Фьюю-ю-ю—ю-ю-ю-ю-ю-ю-ю-ю-ю-ю-ю-ю—ю-ю-ю—о-о-о-о-о-о-о—оуу-у-у-у—у-у-у—о-о-о—у-у-у-у-у-у-у-у! Ш-ш-ш-ш-ш-ш—ш-ш-ш-ш-ш-ш-ш-ш—ш! А я вью-у-у-у—уу-у-уга-а-а-а-а! Или мете-е-е—е-е-ель! А еще ве-е-е-е-е-я! А еще зави-и-ии—ва!
Люди попрятались по домам, смотрят на меня, на черную бурю.
Бу-у-у-у-у-р-ю-ю-ю-ю-ю-ю-ю-ю!
Жуткое озарение, жуткое осознание – я есть. Да не просто – я есть, а я – вью-у-у-у-г-а-а-а-а-а-а-а-а-а-а-а!
Ветер гудит, несется снежная околесица, огибает стены домов, гремит крышами.
И жутко так осознать – аз есмь, и хочется назад, в неведение, в — О-о-о-о-у-у-у-у-о-о-у-у-у-у-о-о-у-у-уу-у-у-у-у-у-у! У-у-у-у—у-у-у-у-у—у-у-у-у-у-у-у-у! – а не получится уже, уже – вью-ю-ю-ю-га-а-а-а, уже – аз есмь, уже понимаю – люди в домах, понимаю – попрятались, понимаю – железный лист на крыше…
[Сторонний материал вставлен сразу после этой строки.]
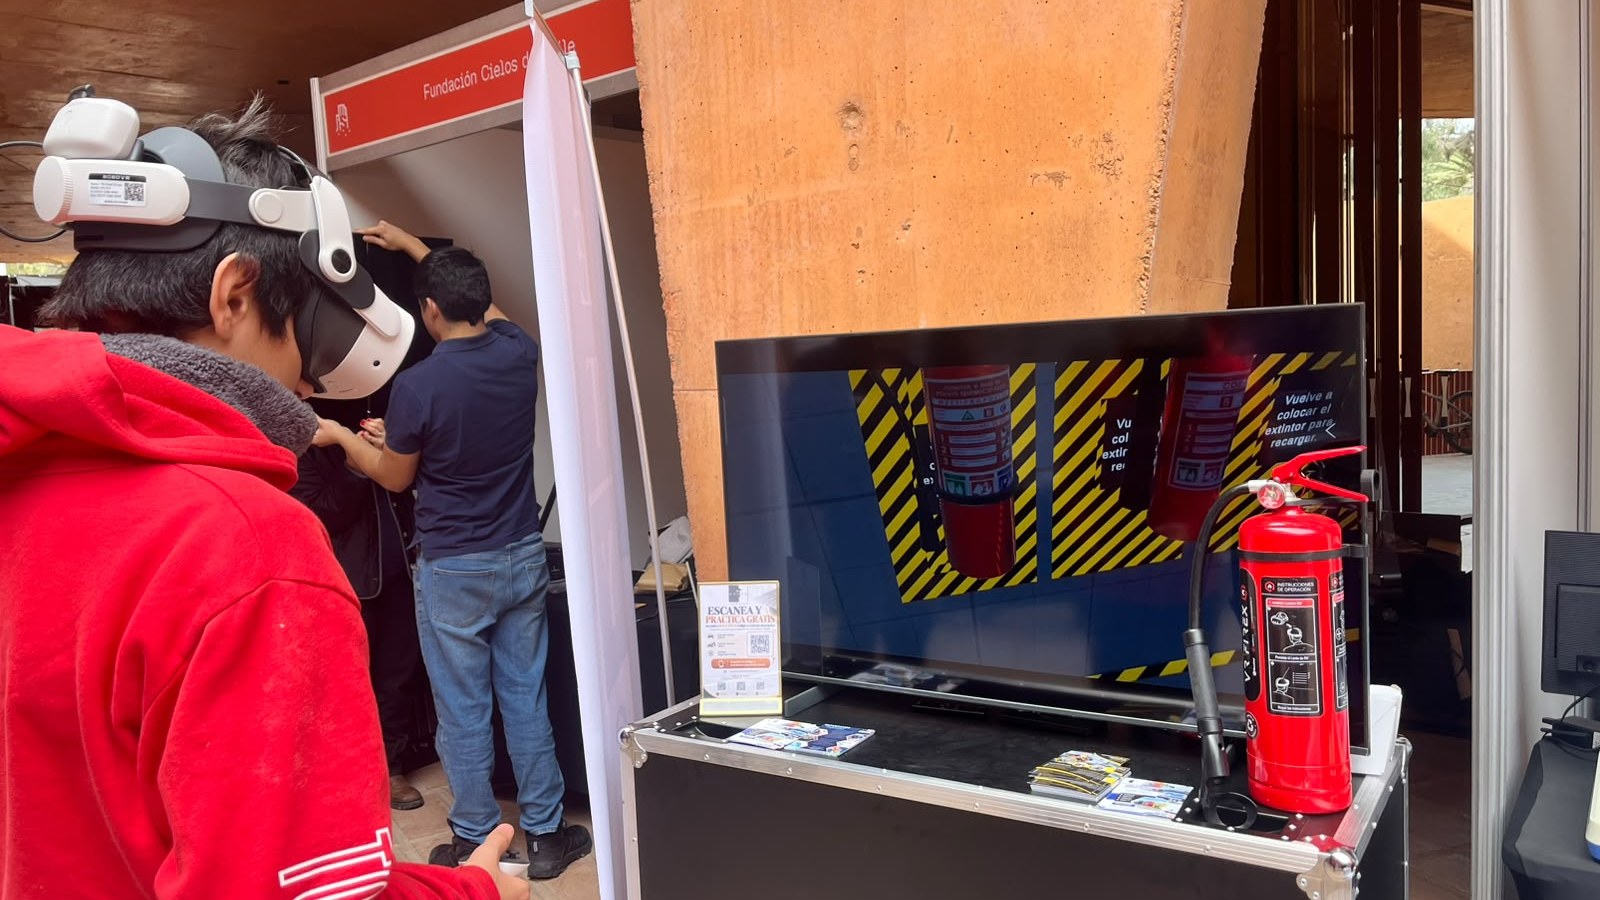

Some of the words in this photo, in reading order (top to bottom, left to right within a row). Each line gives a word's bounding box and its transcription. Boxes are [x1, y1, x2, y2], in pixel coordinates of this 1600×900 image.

Вьюга мечется в стенах чего-то полуразрушенного, все в арках, колоннах, ступенях, разбитых окнах — у–у-у-у-у-ух, как славно тут метаться под сводами стен, скользить по мраморным ступеням, овевать колонны, листать что-то тонкое, шуршащее, испещренное непонятными знаками…
День четвертый.
И четвертая ночь.
Вьюга думает…
…нет, сначала, конечно — Фьюю-ю-ю—ю-ю-ю-ю-ю-ю-ю-ю-ю-ю-ю-ю—ю-ю-ю—о-о-о-о-о-о-о—оуу-у-у-у—у-у-у—о-о-о—у-у-у-у-у-у-у-у!
А потом –
Вьюга думает.
Вьюга боится.
Страшно так осознать – аз есмь, страшно так сказать о себе – вьюга, страшшшно так смотреть на стены полуразрушенного строения, понимать – люди, события, страшно так листать страницы оброненной книги, понимать – что-то это значит…
….Что-то…
День пятый.
И ночь пятая.
О-о-о-о-у-у-у-у-о-о-у-у-у-у-о-о-у-у-уу-у-у-у-у-у-у! Вью-у-у-у-га носится по опустевшему городу, вью-у-у-у-га стучится в дома, в живое человеческое тепло, ищет ответы, кто скажет, кто подскажет, что за тайные знаки на пожелтевших от времени страницах…
Люди спят.
Люди не слышат.
Никто в здравом уме не выйдет из теплого дома в леденящую вью-ю-ю-ю-ю-гу-у-у-у.
Плачет метель, мечется по пустому городу-у-у—у-уу—у-у-у-у-у-у-у-у-у-у-у-у-у!
День шестой.
И ночь шестая.
Осознание.
Вьюга думала – страшно осознать – аз есьмь.
Думала, страшно осознать – что она вью-ю-ю-ю-га-а-а-а-а!
Оказалось – не то, не то.
Оказалось – страшно, когда листает пожелтевшие от времени страницы, начинает осознавать…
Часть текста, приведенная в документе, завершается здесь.